Tcpdump Tutorial
Tcpdump is a powerful utility for analyzing network traffic. It listens on the port(s) specified and grabs information about the packets that are entering or exiting from that port. It gives information about the IP addresses that are involved in the transmission of the packet. Where the packet is going, where it came from, what port was the packet sent on. First let's start with some basic command arguments to tcpdump.
| Argument | Function |
|---|---|
| -i any | Listen for traffic on all interfaces. Can also take interface names such as eth0 |
| -n | Don't resolve hostnames |
| -nn | Don't resolve host or port names |
| -X | Show packet contents in hex and ASCII |
| -XX | -X, but also shows the Ethernet Header |
| -v | Increase packet information you get back |
| -vv | |
| -vvv | |
| -c # | Stop after # packets |
| -S | Print Sequence numbers |
| -e | Display Ethernet header |
| -q | Suppress some protocol information |
| -E | Decrypt IPSEC traffic with a provided encryption key |
| -s | Set the amount of data to be captured in bytes |
| host | Look for traffic based on the given host address |
| src | Look for traffic from the given source |
| dst | Look for traffic going to the given destination |
| net | |
| <protocol name> | Search for traffic by protocol (ICMP, ARP, etc) |
| port | See traffic from the specified port, can be filtered with src and dst |
| portrange | Look for traffic to any port in the given range |
| less/greater | See traffic above or below a certain byte size (Can use < and > symbols as well |
| -w | Write output to a file |
Almost all of these arguments can be chained using the logical expressions and, or and not. Tcpdump can even look at the flags set by the TCP stack to see if the packets coming in are SYN, ACK, RST, etc.
Using TCPdump
Now that the command line arguments are out of the way, let's look at actually starting to capture traffic. Tcpdump has to be run as root so elevate yourself to root privileges by either invoking tcpdump with sudo or actually logging in to the root account. Once that's done you need to craft some expression telling tcpdump what you're looking for. For starters, we're going to send a few ICMP (ping) packets for tcpdump to watch for.

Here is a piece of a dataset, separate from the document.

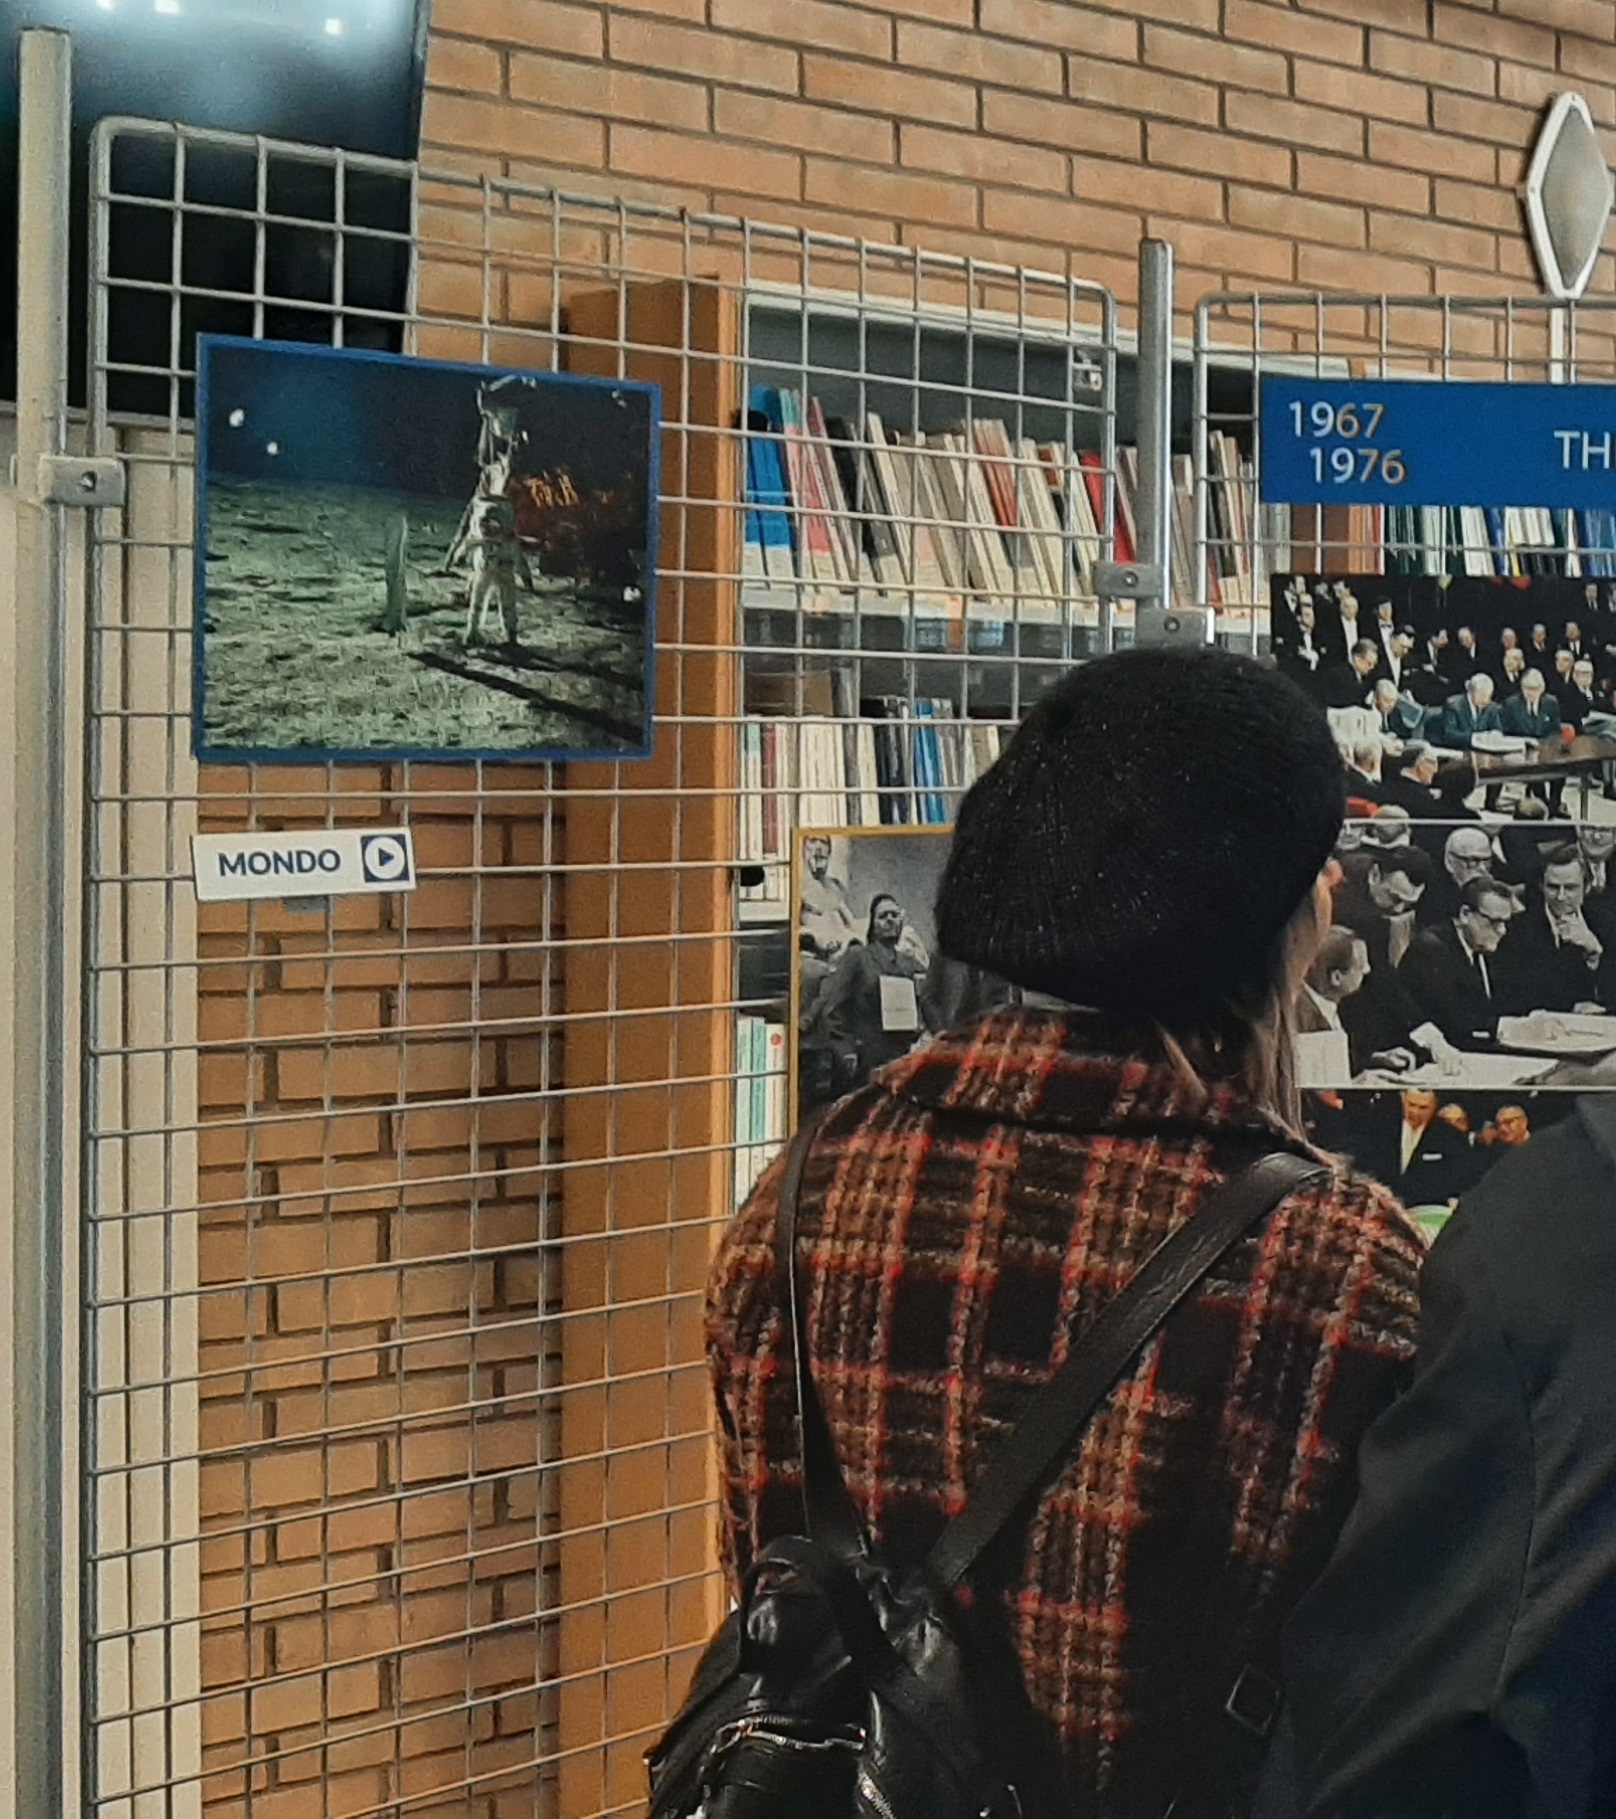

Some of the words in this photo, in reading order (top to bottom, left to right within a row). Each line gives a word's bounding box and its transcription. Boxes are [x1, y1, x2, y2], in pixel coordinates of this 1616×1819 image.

The expression to do that is:
# tcpdump -nnvvXSs 1514 icmp
This command will show the entire icmp packet in hexadecimal with a decent amount of information about it without resolving any port or host names. It will do this for every icmp packet coming in on any interface attached to the system that you issue the command on. Now, in another terminal issue this command.
$ ping -c4 <some address>Where <some address> is replaced by the destination that you want your system to try to ping. After you hit enter on that command you should notice that the previous terminal that you left tcpdump running in came to life. Tcpdump should have grabbed the entire ping packet for each of the four pings and responses that you sent to whatever address you pinged.